Centenas de trabalhadores migrantes no Líbano aguardam para serem repatriados após o cessar-fogo encerrando a guerra de 14 meses entre o Hezbollah, baseado no Líbano, e Israel entrou em vigor no mês passado.

O Líbano há muito que atrai trabalhadores migrantes que sonham em construir vidas melhores para as suas famílias. Atraídos por promessas de empregos estáveis ​​e salários dignos, entram no Líbano através de agências de recrutamento ao abrigo de um sistema de trabalho baseado em patrocínio conhecido como Kafala – apenas para se verem muitas vezes encurralados com passaportes confiscados, longas horas de trabalho, salários retidos e, para muitos, abusos.

O sistema Kafala tem sido criticado há muito tempo por grupos de direitos humanos, mas o governo raramente ou nunca responde às críticas. Mas Bah sabia pouco disso quando veio para o Líbano em 2022. Foi-lhe prometido um emprego num supermercado com um salário mensal de 200 dólares, disse ela.

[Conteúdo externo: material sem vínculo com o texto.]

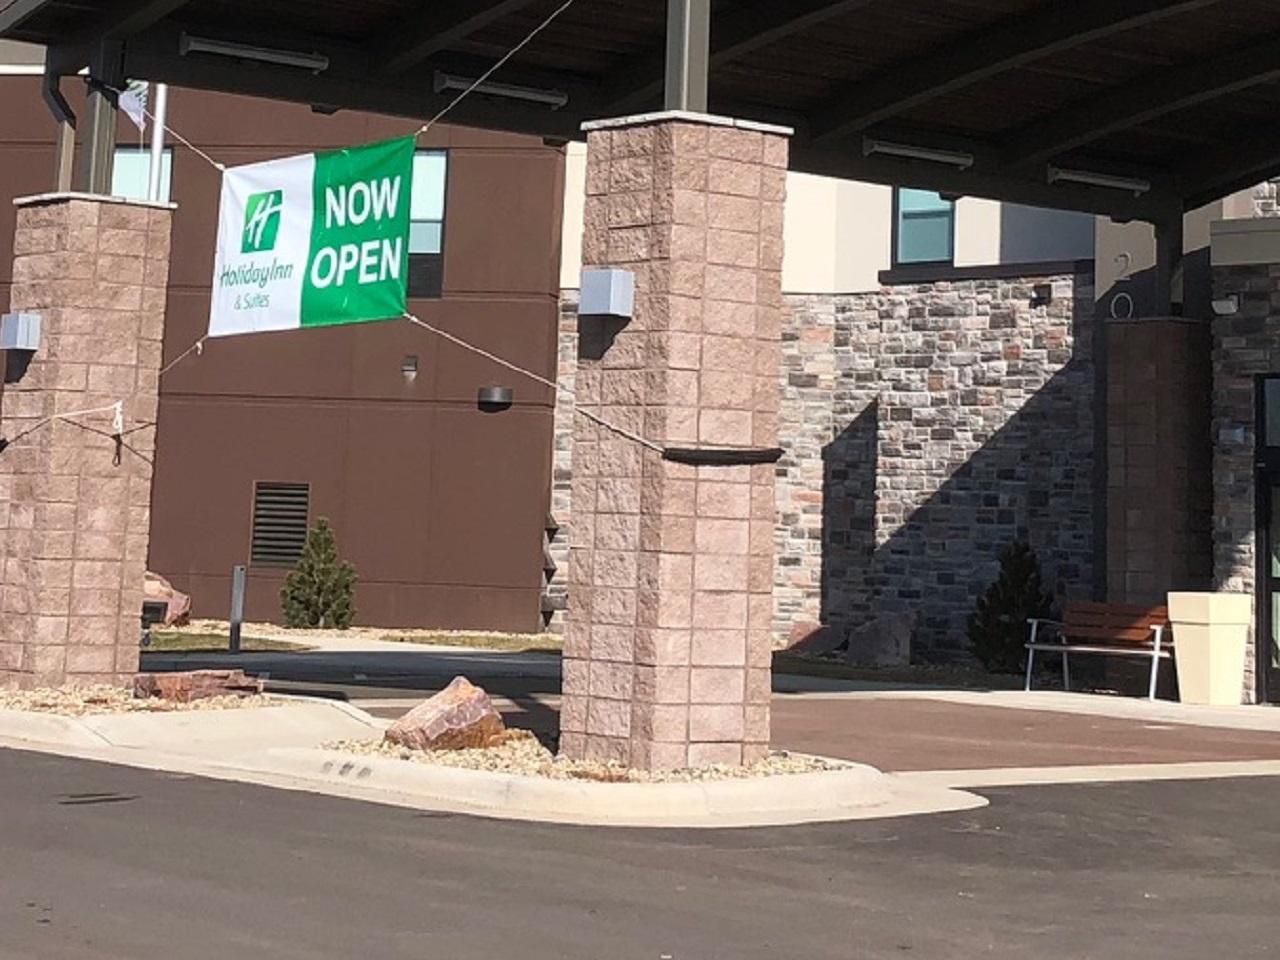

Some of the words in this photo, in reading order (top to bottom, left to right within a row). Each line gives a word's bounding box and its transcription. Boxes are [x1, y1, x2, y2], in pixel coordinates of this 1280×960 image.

[324, 175, 401, 229] NOW
[309, 236, 403, 289] OPEN
[243, 292, 270, 310] Suites

Em vez disso, ela foi enviada para cuidar de uma mulher mais velha assim que ela chegou.

Um mês depois de sua chegada, seu filho de 3 anos em casa adoeceu e morreu. Ela disse que não teve tempo para lamentar e fugiu da casa de seu empregador. Como o seu empregador tinha o seu passaporte e outros documentos, Bah disse que teve de os deixar para trás.

A sua experiência no Líbano tomou então um rumo mais sombrio. Um dia, ela e cinco colegas de casa foram apanhados por um motorista de táxi que disse que os levaria para casa. Em vez disso, disse ela, o motorista os deixou no lugar errado. Enquanto tentavam e não conseguiam encontrar outro táxi, um grupo de homens perseguiu-as e violou-as.

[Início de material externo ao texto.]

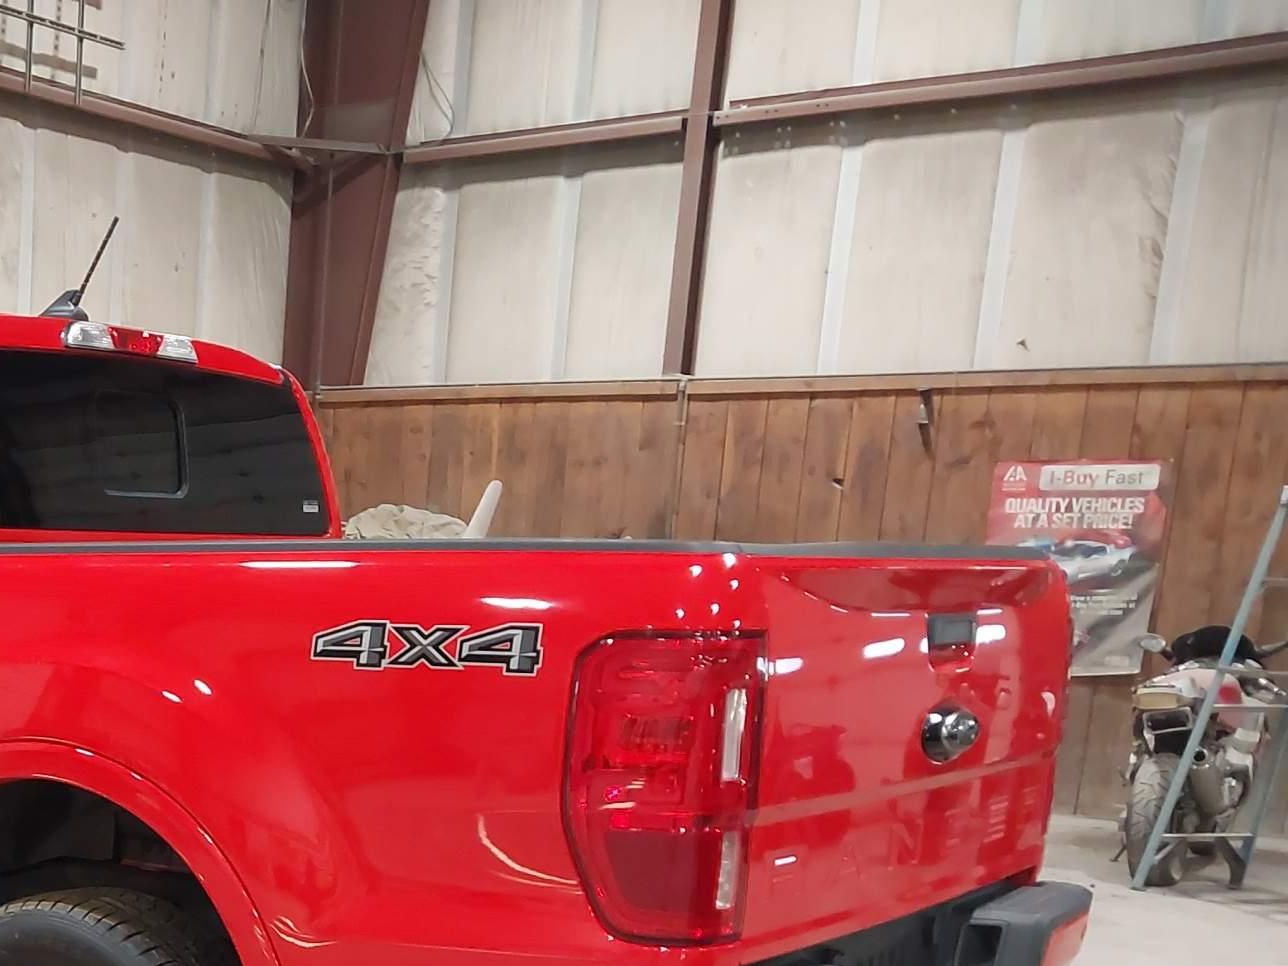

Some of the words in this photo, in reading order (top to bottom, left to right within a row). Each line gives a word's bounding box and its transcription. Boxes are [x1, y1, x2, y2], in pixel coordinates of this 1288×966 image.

[1050, 470, 1100, 487] I-Buy
[1105, 469, 1145, 485] Fast
[1005, 497, 1071, 514] QUALITY
[1072, 496, 1146, 513] VEHICLES
[1014, 513, 1035, 529] AT
[1035, 513, 1048, 528] A
[1051, 513, 1081, 529] SET
[1082, 513, 1134, 529] PRICE!

“Os homens estavam vindo e torcendo por nós”, disse Bah, que deu seu consentimento para ser identificada. “Eles nos espancaram e fizeram sexo conosco.” Ela disse que levou cerca de duas semanas para se recuperar e retomar o trabalho em dois hotéis. Sem documentos, os migrantes podem hesitar em recorrer à polícia.

Dois meses depois, ela e outra amiga descobriram que estavam grávidas.

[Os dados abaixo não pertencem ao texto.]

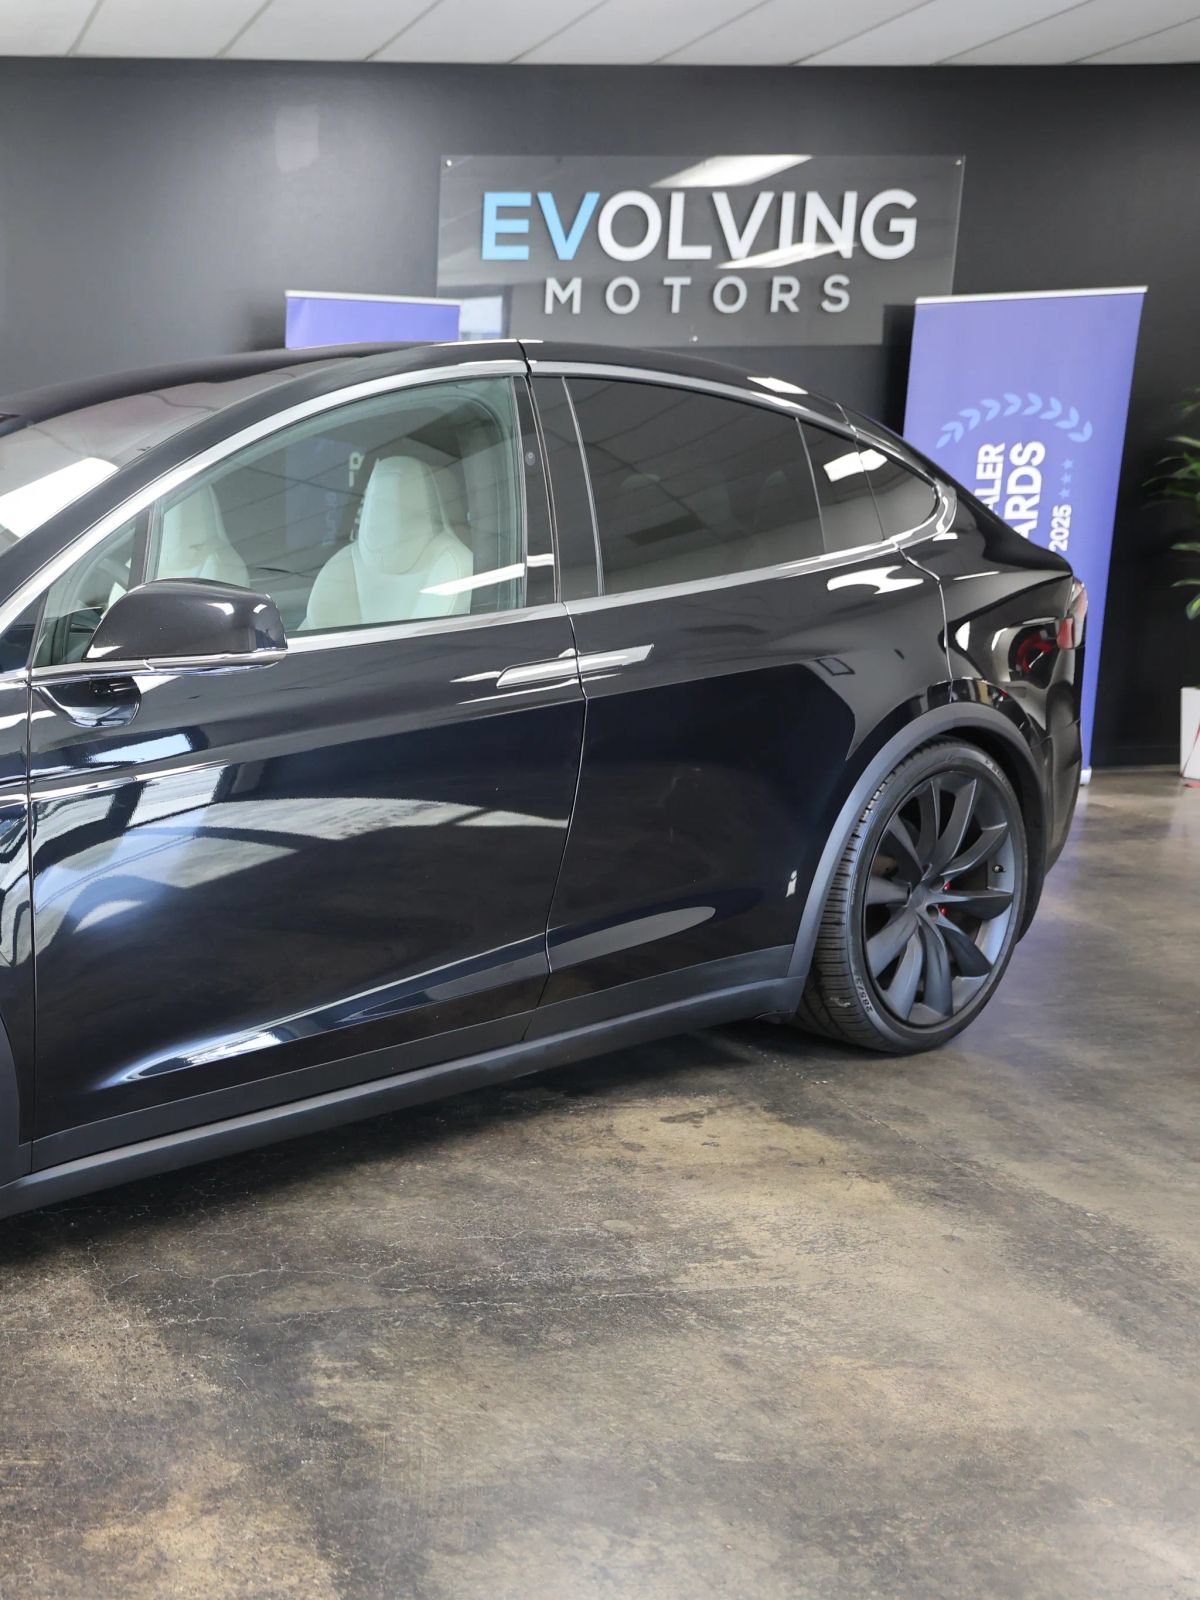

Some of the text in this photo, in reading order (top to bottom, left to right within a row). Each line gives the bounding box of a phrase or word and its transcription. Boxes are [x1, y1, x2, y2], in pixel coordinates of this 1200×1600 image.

[482, 189, 919, 263] EVOLVING
[544, 275, 851, 316] MOTORS
[1048, 503, 1073, 554] 2025

Bah contou a experiência enquanto observava os passos vacilantes do bebê.

Com a guerra, suas vidas tornaram-se mais precárias. Quando Israel intensificou o bombardeamento dos subúrbios ao sul de Beirute, em Setembro, Bah fugiu da área com o seu bebé e amigos a pé.

Nem todos os trabalhadores migrantes escaparam aos ataques. Estima-se que 37 foram mortos e 150 feridos desde outubro de 2023, disse Joelle Mhanna, da Organização Internacional para as Migrações da ONU.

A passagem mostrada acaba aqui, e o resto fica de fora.